### REQUIRED ACTION
Repeat the listing exactly. Pictures stay out of your copy.

### DATASET EXCERPTS
= Beginning of Section =
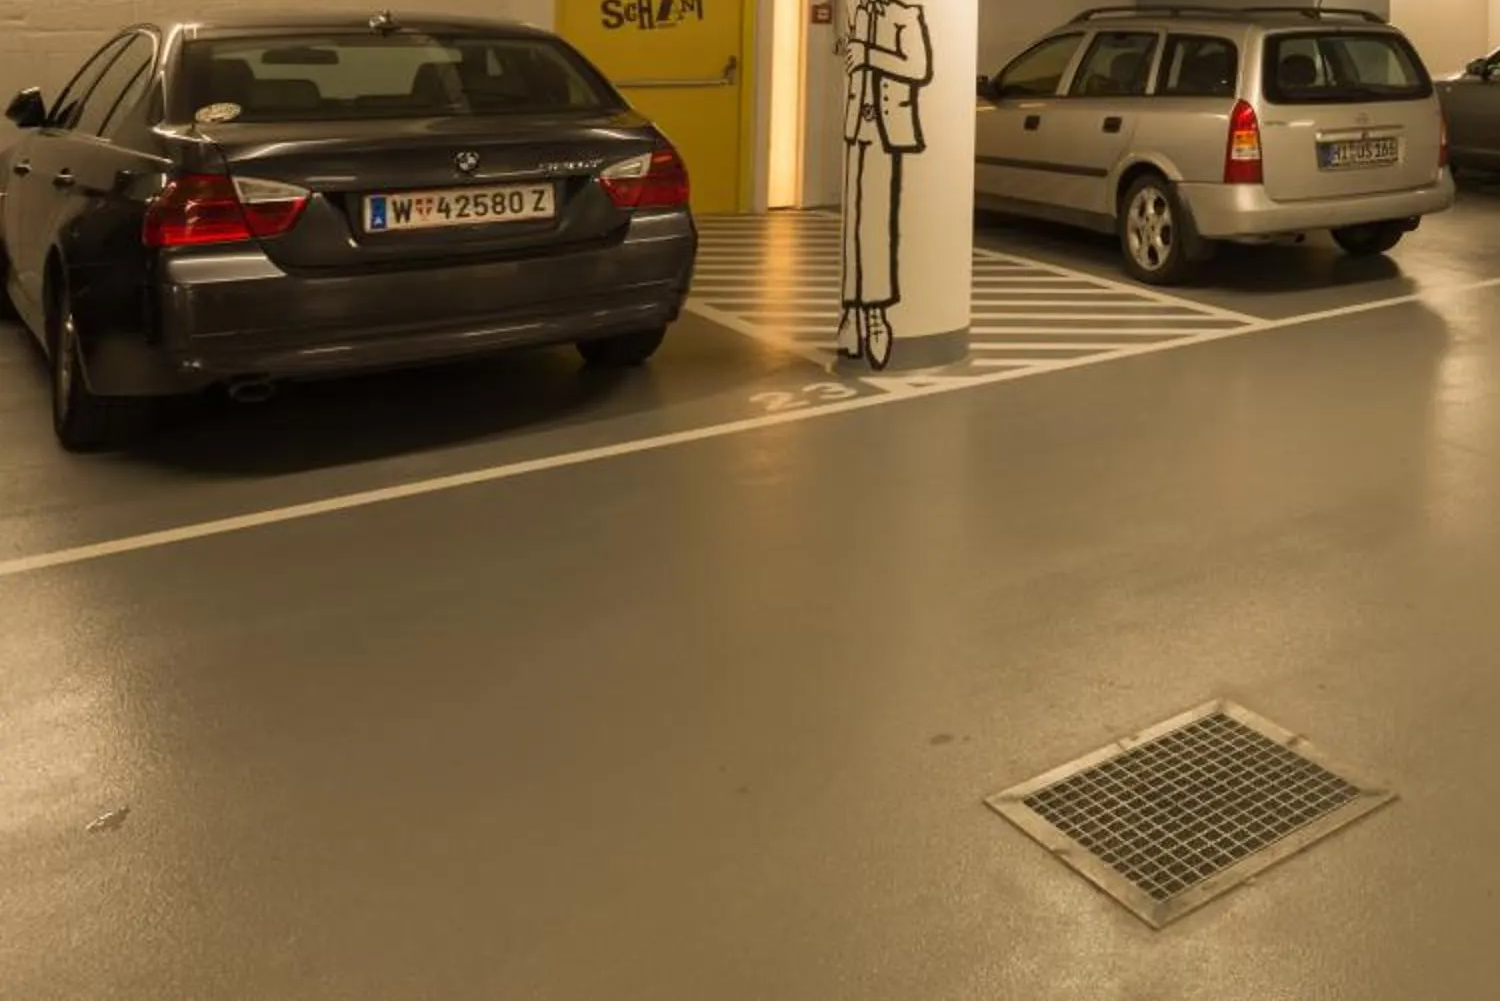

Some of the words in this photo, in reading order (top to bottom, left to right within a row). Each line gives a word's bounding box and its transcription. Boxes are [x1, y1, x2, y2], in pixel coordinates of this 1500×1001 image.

[391, 200, 413, 224] W
[436, 191, 524, 221] 42580
[531, 189, 546, 212] Z
[749, 382, 858, 412] 23
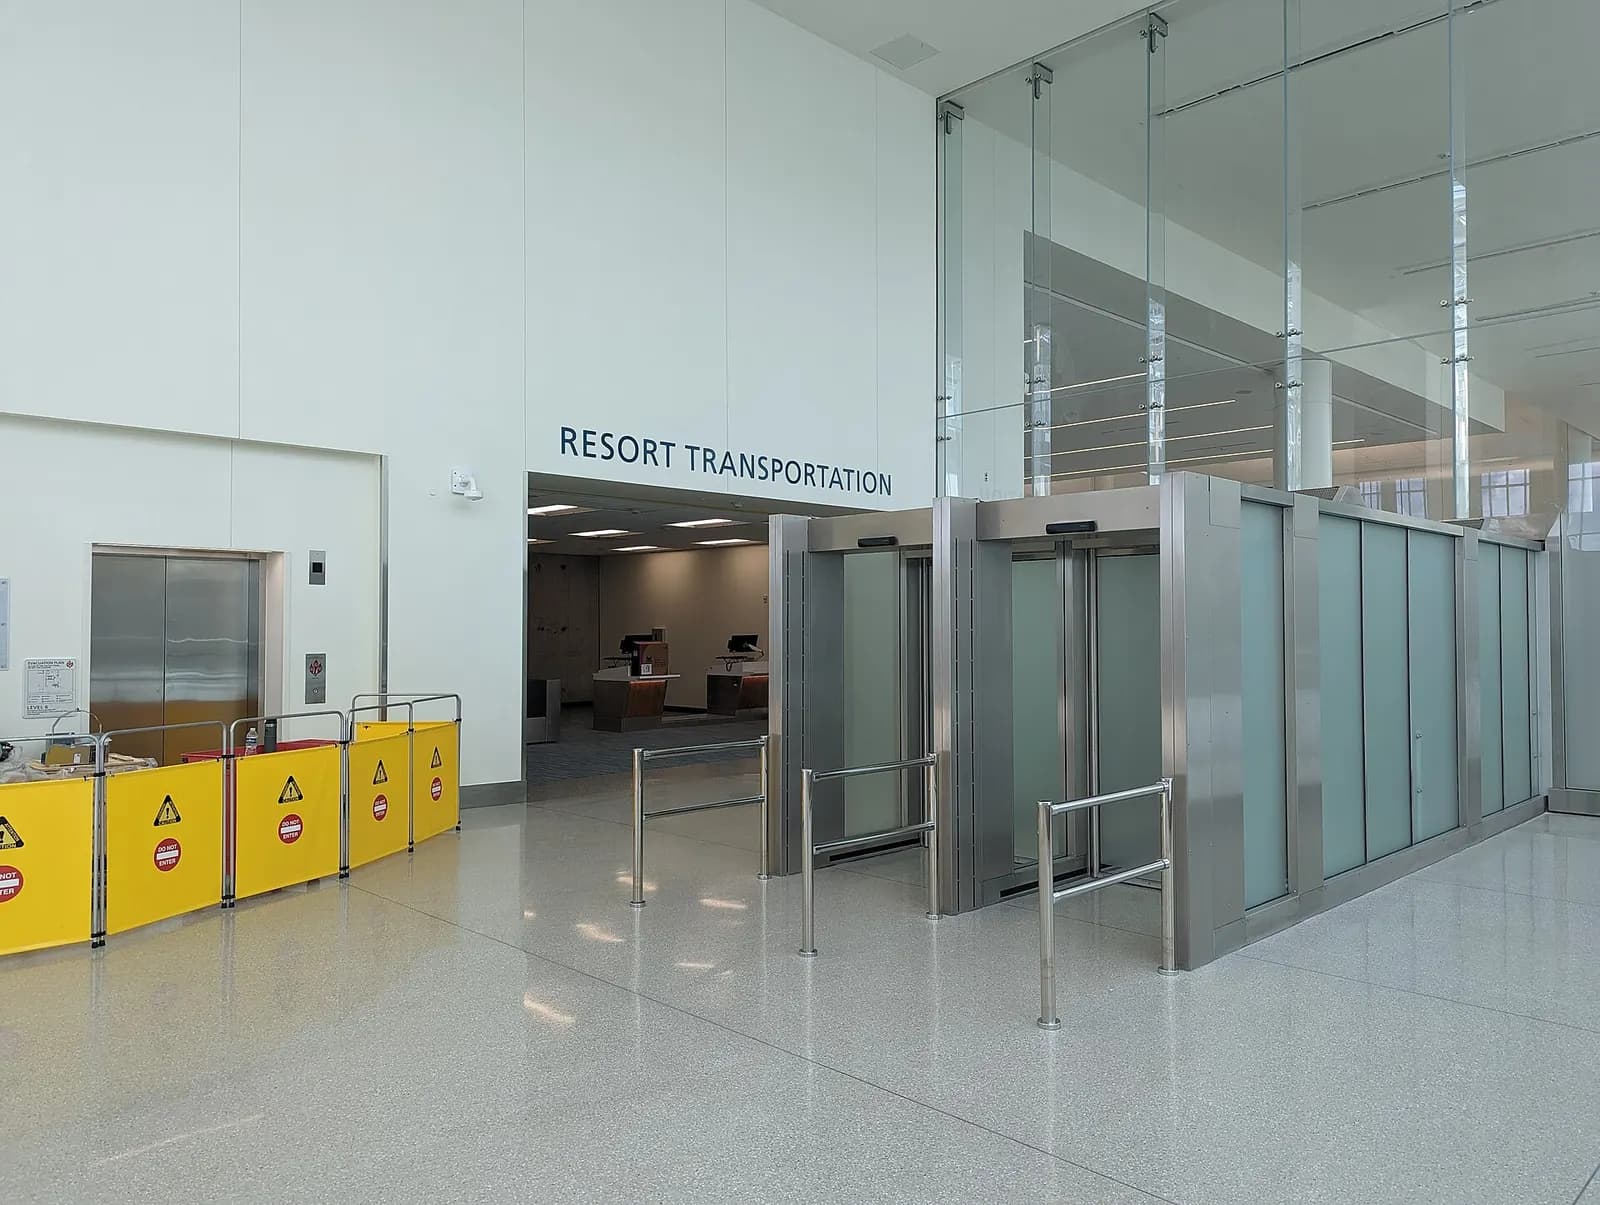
= End of Section =
### WRITTEN SOLUTION
Some of the words in this photo, in reading order (top to bottom, left to right within a row). Each line gives a word's bounding box and its transcription. Boxes are [x1, y1, x2, y2], in pixel coordinates of this 1500×1001 image.

[391, 200, 413, 224] W
[436, 191, 524, 221] 42580
[531, 189, 546, 212] Z
[749, 382, 858, 412] 23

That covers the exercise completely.